一杯食わせてくれる言うたから、朝から何も食べてないんだよ!! もう限界なんですがそれは……。
「ホント、三上くんって食いしん坊よね」
「ヒカリ、そこが可愛いのよ」
「シンジくん、いい姉さん女房じゃないか」
アスカと加持さんに気恥ずかしさを感じる。
というかアスカからかわいいとか言われるとは思ってなかったぜ。
しばらくするとミサトさんと赤木さん、綾波の三人がやってきた。
「あら、待っててくれたの?」
「シンジくんが腹ペコだってさ」
「大変ね……まぁ、だろうと思ってレイも沢山作ってきたから今日はいっぱい食べなさい」
「う、うぉおおおおおお!!!!」
よく見るとミサトさんと赤木さんの両手には袋が持たれており、何かが香ってくる。
唾液が口を支配し、俺はぐーぐーなるお腹の暴走を止められない。
その時、レイとアスカが大量の料理を持ってきてた、なお全部俺用な模様。
「ファーストも来たのね」
「えぇ、弐号機の人もありがとう」
「僕が一番頑張ったんだけど……まぁいいや、これ以上はシンジが耐えきれそうにないから」
レイはよくわかっておるのう、と俺は加持さんとトウジ、ケンスケに羽交い締めにされていた。
いや、ご飯がね? 目の前にね? 大好物がいっぱいいっぱい裕次郎してるからもうね? 我慢できない!
「それじゃ子供組はジュース、大人組……もこの後仕事だからジュースで乾杯しましょうか」
そうミサトさんが音頭を取り、皆のグラスにジュースが注がれる。
そして皆にジュースが行き渡り、グラスを抱える。
ミサトさんは「ホラ、レイ、言いなさい」と綾波の肩を叩く。
綾波は恥ずかしそうにしながら、言葉を紡ぐ。
「今日は、来てくれて、ありがとう。その、三上くんを元気づけたいって思って……その、えっと」
綾波が言葉をいいあぐねているので、俺は声をかける。
「綾波、難しく考えなくていい……というかお腹がね? もう限界だから、はよ、はよ」
「……今日は楽しんで、乾杯」
『かんぱーい!』
顔を綻ばせる綾波に、皆が笑いグラスを掲げる。
俺はジュースを飲み干すと、目の前に広がる桃源郷を見る。
スパゲッティ、ラーメン、唐揚げ、オムライス、春巻き、餃子……etcetc、どれもこれも俺の大好物だ。
箸を持ち、勢いよく食べ始める。
「うめっ……うめっ……」
「はえー、すっごいわぁ」
サクラちゃんが何か言ってるが、バクバクと目の前の料理を食べ進める。
あー、うまい、本当にうまい……今死んでもいいやと思えるくらいには満たされてる。
「そ、そのシンジ、どう? 私もやったんだけど」
「バクバクバクバク」
「なんか言いなさいよ!!」
「うまい」
ご飯食べてるときはね、静かで、一人で食わなきゃいけないんだ、余計な感想などフヨウラッ!!
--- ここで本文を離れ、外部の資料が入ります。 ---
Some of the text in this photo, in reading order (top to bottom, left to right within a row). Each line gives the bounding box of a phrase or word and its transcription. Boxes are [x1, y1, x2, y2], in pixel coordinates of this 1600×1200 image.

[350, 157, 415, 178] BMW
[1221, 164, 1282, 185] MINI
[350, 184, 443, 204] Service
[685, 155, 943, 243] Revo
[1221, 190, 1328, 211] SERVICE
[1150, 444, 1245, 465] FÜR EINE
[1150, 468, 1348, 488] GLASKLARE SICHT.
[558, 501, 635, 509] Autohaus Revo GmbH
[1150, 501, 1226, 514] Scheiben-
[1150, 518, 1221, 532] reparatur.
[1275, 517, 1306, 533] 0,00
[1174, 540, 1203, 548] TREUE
ただ時々焦げてるのはアスカ作なんだろうが、うん、おいC。レイが下味付けとかしてたんだろうが本当に美味しい。
「当然、当然よ! このアスカ様が作ったんだから!」
「僕が仕込みしたんだけどね」
「ほう、大したもんだ。人造肉がここまでうまいとはな」
「レイちゃんの料理は天下一品よ!」
「あら、私のレイの料理の腕前もいいのよ? シンジくん、これ食べてあげて」
赤木さんが小皿に乗せた野菜炒めを持ってきた。
モグリと一口食べると、にんにくと醤油ベースで作っているのだろう、味がしっかりしていた。
あと肉も入っているのでびっくりする。
「綾波、肉大丈夫なのか?」
「少し、なら……それに野菜だけだと三上くん物足りないでしょ?」
うーむ、気を使わせてしまったかと思うが、俺は野菜炒めを食べきると小皿をレイに差し出す。
「おかわり!」
「……うん」
山盛りにされた野菜炒めを箸休めに、俺用の料理を食べていく。
途中にサクラちゃんが味噌汁を持って来てくれたが……うん、普通! 36点! という感じだが、頭を撫でて美味しいと伝える。
「やったー!! 毎日食べてくれます?」
「作ってくれるなら?」
わーい!! と喜ぶサクラちゃんに俺は苦笑する。
元気いいなと思うが、こんな子がルートによっては「エヴァに乗らんでくださいよ!」って言うと思うとこの世界の残酷さがな。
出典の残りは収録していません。